The “typhoon of steel” that struck this speck of an island 400 miles south of mainland Japan lasted about three months and claimed more lives than the bombs dropped on Hiroshima and Nagasaki combined. Some 240,000 Japanese and Americans–more than half of them Okinawans caught in the crossfire–perished in the only ground battle fought in Japan. Victims of starvation and suicide were among the war casualties, which also included Mamoru’s mother who, after weeks of endless walking and rationing her own food portions to her children, collapsed and eventually died at a refugee camp. The Kuniyoshi children were sent to an orphanage.
Sixty-one years later, at the same location where Americans had invaded Okinawa, Mamoru Kuniyoshi, pastor of Naha Baptist Church, stood to welcome 6,500 people to the Okinawa Franklin Graham Festival, held Nov. 3-5 at the Chatan Sports Complex.
The neighborhood surrounding the complex, located on the west coast of the island, is known locally as American Village because of the two large military bases nearby. Across the street from the complex, a massive department store bears the sign “JUSCO”: Japan-United States Company, signifying the area as a community of joint relationships and cultures. Indeed, it would become even more so during the three days in November–under the banner of Jesus Christ.

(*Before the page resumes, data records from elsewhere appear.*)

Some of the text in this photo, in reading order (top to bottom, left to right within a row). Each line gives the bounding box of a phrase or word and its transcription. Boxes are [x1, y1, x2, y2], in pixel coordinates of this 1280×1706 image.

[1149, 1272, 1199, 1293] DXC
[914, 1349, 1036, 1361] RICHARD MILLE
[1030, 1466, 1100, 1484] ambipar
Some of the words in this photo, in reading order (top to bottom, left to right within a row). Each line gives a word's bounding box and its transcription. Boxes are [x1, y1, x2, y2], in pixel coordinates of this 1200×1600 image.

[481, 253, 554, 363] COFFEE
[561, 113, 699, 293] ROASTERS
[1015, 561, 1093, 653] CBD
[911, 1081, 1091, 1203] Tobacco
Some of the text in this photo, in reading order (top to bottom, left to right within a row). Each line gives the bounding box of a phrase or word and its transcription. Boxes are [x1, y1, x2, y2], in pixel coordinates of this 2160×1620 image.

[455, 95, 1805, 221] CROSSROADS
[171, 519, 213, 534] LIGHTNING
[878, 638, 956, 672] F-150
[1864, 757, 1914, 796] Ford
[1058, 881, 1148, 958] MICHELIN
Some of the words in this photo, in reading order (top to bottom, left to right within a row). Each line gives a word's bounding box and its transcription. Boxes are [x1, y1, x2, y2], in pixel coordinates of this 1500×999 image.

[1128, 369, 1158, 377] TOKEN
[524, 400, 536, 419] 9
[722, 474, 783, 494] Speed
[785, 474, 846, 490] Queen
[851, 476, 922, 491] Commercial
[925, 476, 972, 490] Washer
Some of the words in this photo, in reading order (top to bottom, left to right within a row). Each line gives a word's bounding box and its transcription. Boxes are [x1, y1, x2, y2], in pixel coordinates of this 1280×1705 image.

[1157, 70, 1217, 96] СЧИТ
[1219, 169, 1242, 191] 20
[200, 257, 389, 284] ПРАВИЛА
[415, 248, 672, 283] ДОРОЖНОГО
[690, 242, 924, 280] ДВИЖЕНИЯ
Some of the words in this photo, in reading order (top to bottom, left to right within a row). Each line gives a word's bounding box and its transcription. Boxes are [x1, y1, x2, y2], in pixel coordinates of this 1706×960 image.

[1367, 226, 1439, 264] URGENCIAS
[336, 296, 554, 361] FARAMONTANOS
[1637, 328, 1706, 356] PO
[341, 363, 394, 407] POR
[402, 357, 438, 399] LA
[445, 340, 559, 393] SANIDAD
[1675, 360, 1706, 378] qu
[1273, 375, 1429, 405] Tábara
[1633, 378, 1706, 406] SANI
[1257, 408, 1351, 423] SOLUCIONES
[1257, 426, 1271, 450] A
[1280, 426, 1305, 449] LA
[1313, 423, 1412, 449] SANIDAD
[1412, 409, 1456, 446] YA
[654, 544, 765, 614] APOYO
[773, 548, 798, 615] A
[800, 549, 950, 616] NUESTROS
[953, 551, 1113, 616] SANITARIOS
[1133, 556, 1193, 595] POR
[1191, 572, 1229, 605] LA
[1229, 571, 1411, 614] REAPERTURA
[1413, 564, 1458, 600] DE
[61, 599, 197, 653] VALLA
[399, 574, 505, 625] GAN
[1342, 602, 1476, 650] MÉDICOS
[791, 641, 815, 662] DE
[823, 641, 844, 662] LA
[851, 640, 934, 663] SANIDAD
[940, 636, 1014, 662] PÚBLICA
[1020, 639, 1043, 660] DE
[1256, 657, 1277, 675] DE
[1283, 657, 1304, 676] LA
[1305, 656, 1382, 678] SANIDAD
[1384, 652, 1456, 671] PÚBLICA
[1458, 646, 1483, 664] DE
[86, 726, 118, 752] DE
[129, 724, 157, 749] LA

Japanese and Americans Together
Christians make up only about 1 percent of the 1.5 million people on the island of Okinawa and represent fewer than 200 churches averaging in size from 30 to 60. In October 2005, Franklin Graham accepted the invitation of the Japanese clergy to come to Okinawa. Interest in the Festival also grew among 28 “international” churches (made up largely of Americans) and military chapel communities eager to reach the island’s 150,000 English speakers, 40,000 of whom are military personnel.
The language barrier necessitated “two Festivals in one,” according to Festival director Chad Hammond. Both communities had their own meetings and schedules of events leading up to the Festival itself, which even featured two children’s programs. But the Japanese and English-speaking Christians did have joint pre-Festival praise rallies. Shirley Smith, who has lived on the island for a total of four years, said the multiracial rallies were the best part of the preparation. “To get those two communities together has been tremendous,” she said. “Our ministry is for the Japanese and I want them to know I am here to love them. I want to be with them.”
During the months before the Festival, hundreds of Christians overcame barriers of language, culture and lifestyle in order to proclaim the Gospel to their island. Pastors especially were able to develop and nurture relationships that were previously nonexistent.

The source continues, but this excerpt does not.